◆ **Task objective**
A faithful transcript of every entry is required; pictures do not belong in it.

◆ **Given data**
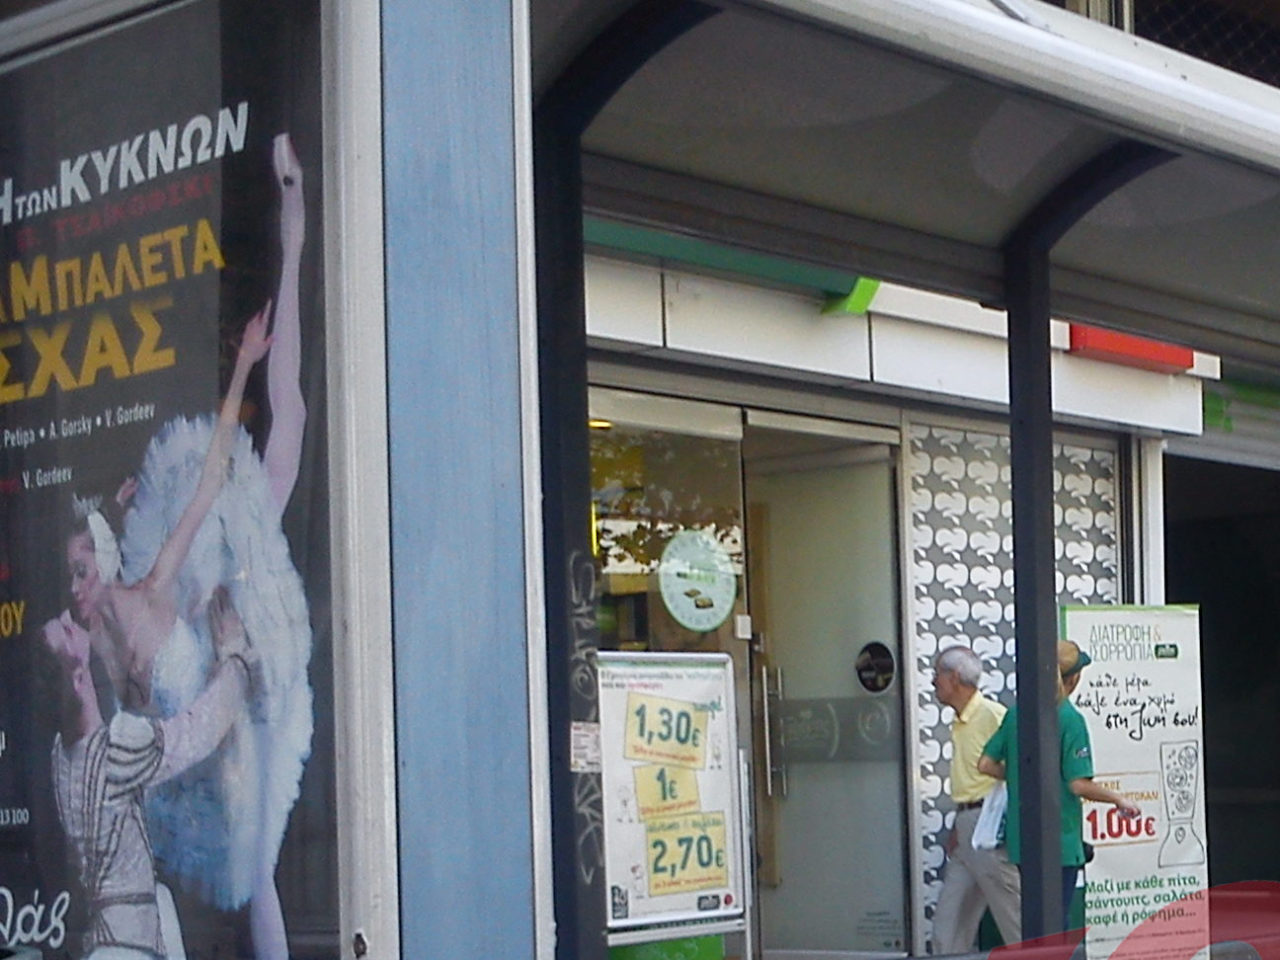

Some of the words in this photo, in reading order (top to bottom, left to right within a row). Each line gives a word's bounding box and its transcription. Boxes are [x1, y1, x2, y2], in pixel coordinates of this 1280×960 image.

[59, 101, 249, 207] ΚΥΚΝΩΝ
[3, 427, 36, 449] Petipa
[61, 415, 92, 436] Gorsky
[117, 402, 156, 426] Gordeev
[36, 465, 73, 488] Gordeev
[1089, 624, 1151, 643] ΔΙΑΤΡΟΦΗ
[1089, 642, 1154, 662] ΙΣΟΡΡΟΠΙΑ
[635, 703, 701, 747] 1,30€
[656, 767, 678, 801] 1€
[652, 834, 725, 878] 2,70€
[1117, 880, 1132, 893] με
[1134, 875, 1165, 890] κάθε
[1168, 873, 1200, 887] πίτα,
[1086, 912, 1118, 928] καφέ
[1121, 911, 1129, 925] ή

◆ **Result for this task**
Some of the words in this photo, in reading order (top to bottom, left to right within a row). Each line gives a word's bounding box and its transcription. Boxes are [x1, y1, x2, y2], in pixel coordinates of this 1280×960 image.

[59, 101, 249, 207] ΚΥΚΝΩΝ
[3, 427, 36, 449] Petipa
[61, 415, 92, 436] Gorsky
[117, 402, 156, 426] Gordeev
[36, 465, 73, 488] Gordeev
[1089, 624, 1151, 643] ΔΙΑΤΡΟΦΗ
[1089, 642, 1154, 662] ΙΣΟΡΡΟΠΙΑ
[635, 703, 701, 747] 1,30€
[656, 767, 678, 801] 1€
[652, 834, 725, 878] 2,70€
[1117, 880, 1132, 893] με
[1134, 875, 1165, 890] κάθε
[1168, 873, 1200, 887] πίτα,
[1086, 912, 1118, 928] καφέ
[1121, 911, 1129, 925] ή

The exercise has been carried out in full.